私共は、北・西田両氏から云はれたので二月二十九日迄四日間も頑張つた
のではないですぞ。戒厳司令部から三宅坂附近を警備せよと命令されて
いたから最後迄頑張つてい(ママ)たのです。然も最後迄所謂奉勅命令は
下達されなかつたのです。(略)。軍部が青年将校の行動を認めたことは
確かです。認めたればこそ三宅坂附近一帯の地区を警備させる戒厳命令を
下したのです。然るに彼等は(略)、青年将校を静らませる為に謀略的に
命令を下したのだと云ふのです。命令に謀略があると云ふならば皇軍は全く
乱れてしまふのです。総ての命令が駈引を有してい(ママ)るならば命令の
権威はなくなり、命令に服従するものはなくなります。此れは恐るべき
皇軍の破壊です。

私は「吾人は反乱をしたのではない、蹶起の初めから終りまで義軍であつた
のに反乱罪に問はれる道理なし、義軍である事は告示に於て認め、戒厳軍隊に
入られた事によつて明かになり、警備を命じられた事によつて明々白々では
ないか」と強弁しました所が、法務官の奴等は「君等のした事は大臣告示が
下る以前に於て反乱である」と云ふのです。これは面白いではありませんか。
私は次の様に云つて笑つてやりました。「左様ですか此れは益々面白い、
大臣告示が下達される以前に於て国賊反徒であるといふ事がそれ程明瞭で
あるのになぜ告示を与へたのです。国賊を皇軍の中に入れたのは誰ですか。
大臣ですか、参謀総長ですか、戒厳司令官ですか。国賊を皇軍の中に陛下を
欺して編入した奴は明らかに統帥権の干犯者ではないか」と、そしたら法務官
なる奴は「何しろ中央部の腹が決まらんからねえ君」と云つて、ウヤムヤに
退却をしました。
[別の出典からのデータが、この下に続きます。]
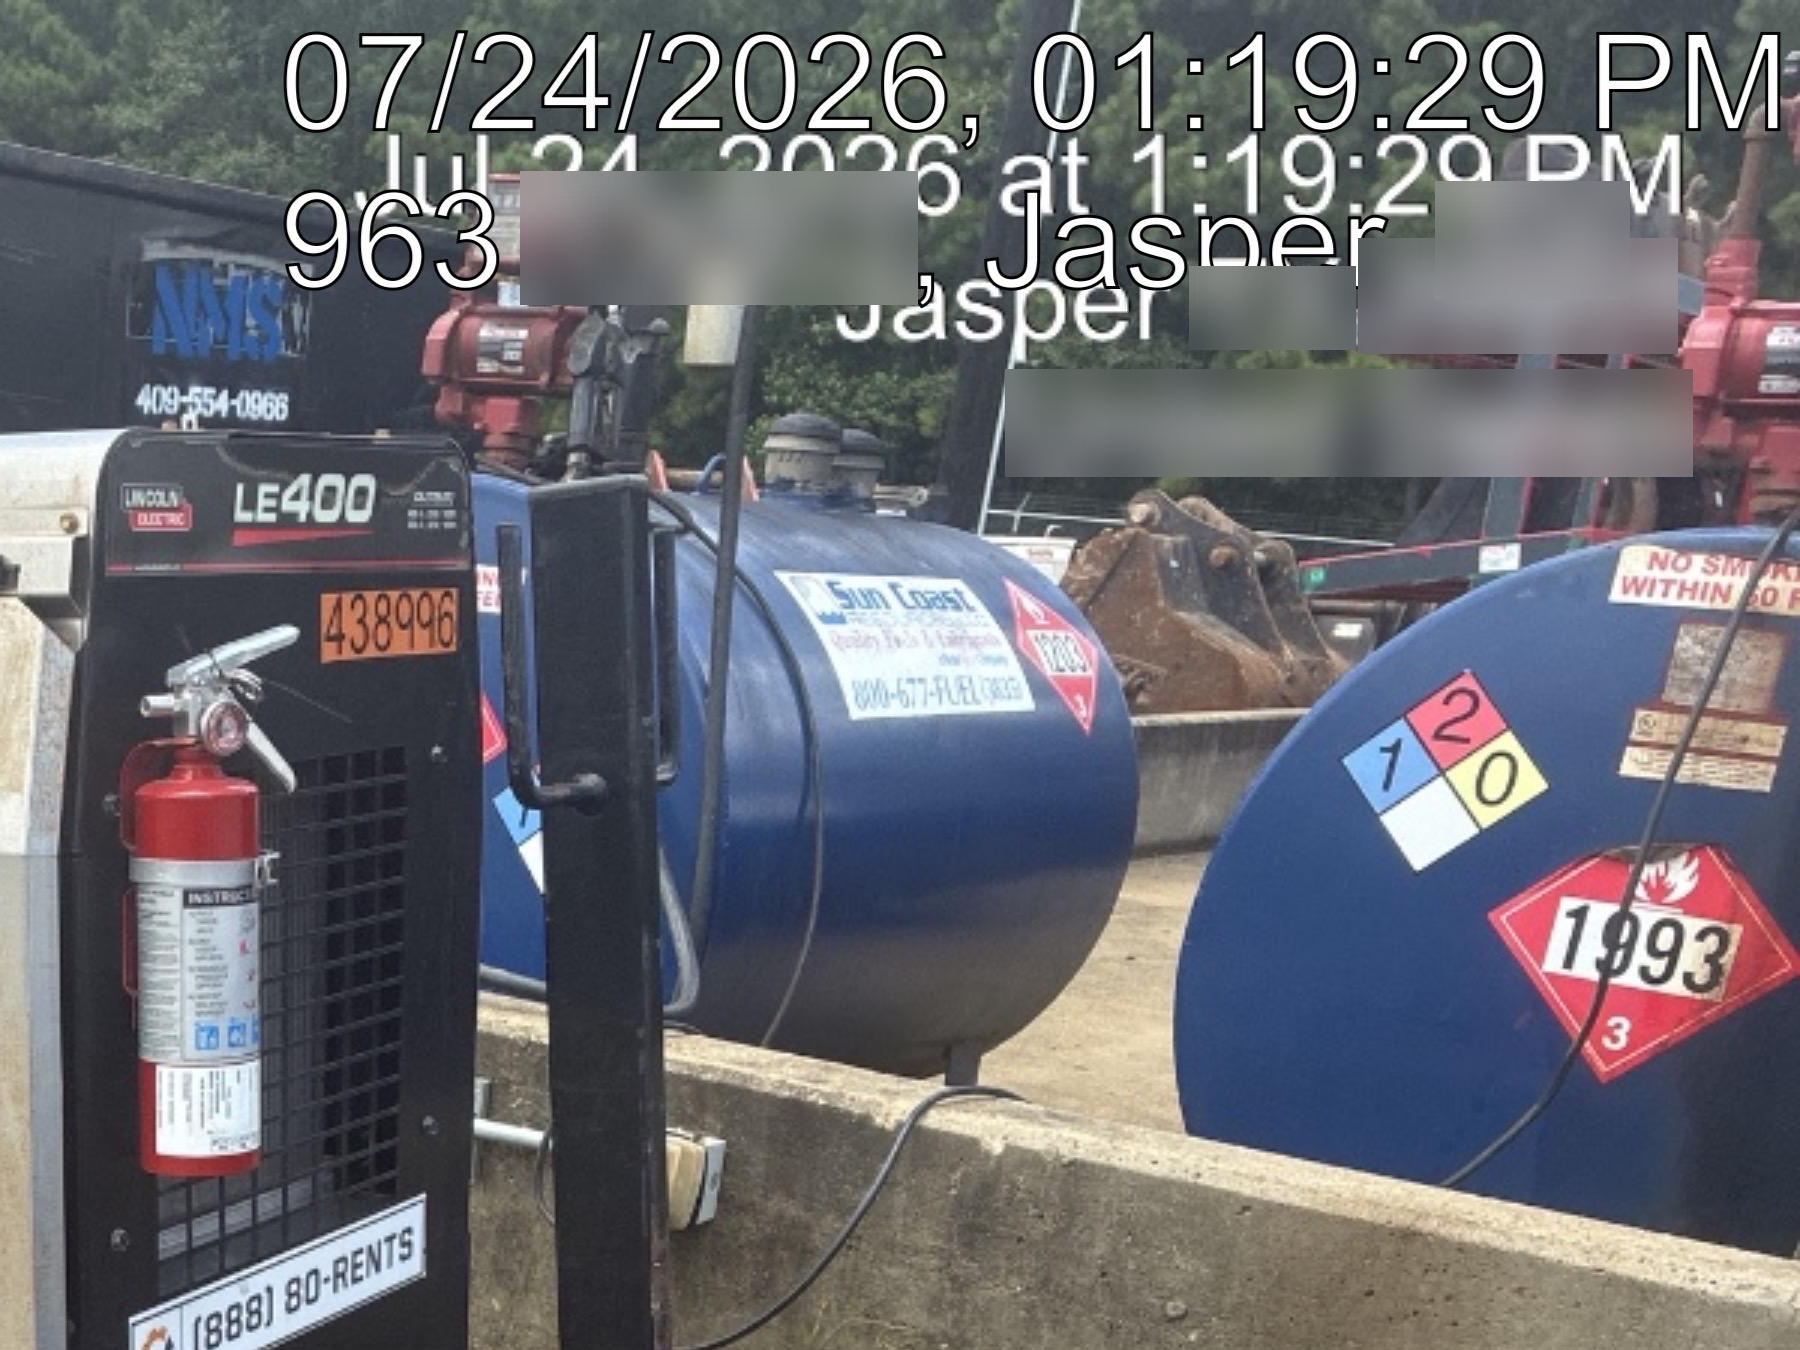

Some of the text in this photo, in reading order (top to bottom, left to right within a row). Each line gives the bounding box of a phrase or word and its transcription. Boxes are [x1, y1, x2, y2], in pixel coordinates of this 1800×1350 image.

[233, 473, 376, 524] LE400
[1621, 575, 1734, 604] WITHIN
[1648, 551, 1693, 572] NO
[322, 590, 456, 657] 438996
[1432, 687, 1481, 744] 2
[1378, 736, 1403, 792] 1
[1474, 751, 1518, 807] 0
[1561, 903, 1731, 994] 1993
[1601, 1015, 1632, 1050] 3
[284, 1225, 414, 1315] 80-RENTS
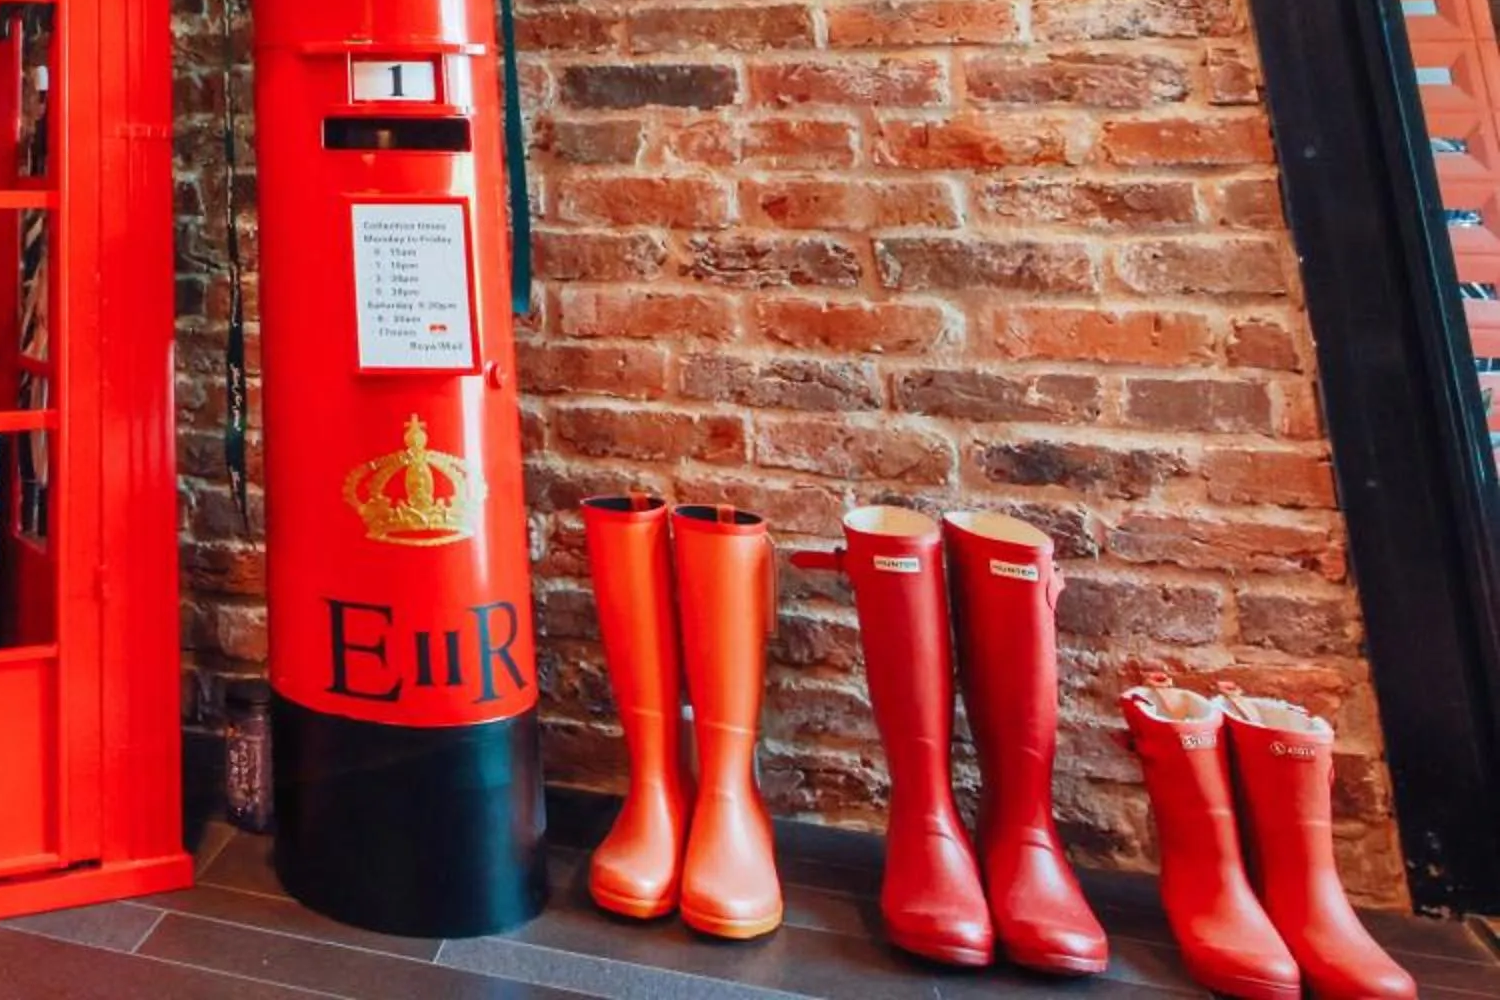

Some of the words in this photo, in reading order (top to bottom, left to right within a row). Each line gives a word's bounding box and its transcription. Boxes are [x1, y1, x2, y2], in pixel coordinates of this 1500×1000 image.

[388, 64, 404, 96] 1
[363, 234, 404, 245] Monday
[419, 234, 452, 245] Friday
[367, 301, 413, 311] Saturday
この事は公判廷に於て特に強くやりました。

此レハ磯部ノ主観ニ過ギヌカ?。
戒厳司令官ハ名ヲ捨テテ実ヲ取リタルカ、併シ名ヲ捨ツルノ犠牲重シ、
重クテモ併シ実ヲ救フガスベテナリ。行為ノ評価ニツイテモ小田原評定
香椎ガドノ派閥タルカ、忘ル。
磯部ノ言ヲ文字通リ採ラバ、国軍ト叛軍(元・国軍)相咬ミアフヲ
齎ス則ハチ善キ判断トナレリ。深刻ナル傷跡ヲ国軍史ニ遺スコト二
ナル。


写真ハ林八郎氏揮毫。1914年生マレ。事件時ハカゾヘ23歳ナリ。